= I-W League =

Wisconsin high school athletic conference (1960-1964)

The I-W League is a former high school athletic conference in southwestern Wisconsin. It was founded in 1960 and dissolved in 1964, and the league and its members were affiliated with the Wisconsin Interscholastic Athletic Association.

== History ==

The I-W League, also known by its official name of the Iowa County-Wisconsin River League, was formed in 1960 from the merger of two previously established conferences: the Iowa County League (Barneveld, Highland, Hollandale and Ridgeway) and the Wisconsin River League (Blue River, Ithaca, Lone Rock, Muscoda and Weston).

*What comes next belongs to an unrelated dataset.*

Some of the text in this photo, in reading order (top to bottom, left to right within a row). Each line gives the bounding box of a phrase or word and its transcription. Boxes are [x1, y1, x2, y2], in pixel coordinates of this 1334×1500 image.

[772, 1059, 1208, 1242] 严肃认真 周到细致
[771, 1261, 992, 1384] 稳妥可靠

These two conferences were losing members rapidly due to consolidation of rural school districts, and joined forces to continue interscholastic league competition. Ironically, the very same reason this league was created also contributed to its eventual demise. Basketball was the first sport sponsored by the new league, and eight-player football was sponsored for the first time in 1961 with all members participating except for Ridgeway (which did not sponsor football). In 1962, the I-W League lost both Lone Rock and Ridgeway to consolidation. Lone Rock merged with Arena and Spring Green to create the River Valley district, and Ridgeway was folded into Dodgeville's school district. Additionally, three football members joined from the Kickapoo Valley League that fall: Gays Mills, La Farge and Seneca Their time as football-only members was short-lived, as all three schools returned to the Kickapoo Valley League for the 1963 season. The I-W League also lost two more members in 1963, as Highland and Weston left to join the Black Hawk League and Scenic Central Conference, respectively. Left with only five members, the conference continued for one more season before Muscoda left to join the Southwest Wisconsin Athletic League in 1964. The I-W League ended operations in later that year when two of its members (Blue River and Ithaca) joined the Kickapoo Valley League. The two remaining schools (Barneveld and Hollandale) competed as independents for a season before following their I-W League brethren into the Kickapoo Valley League for 1965.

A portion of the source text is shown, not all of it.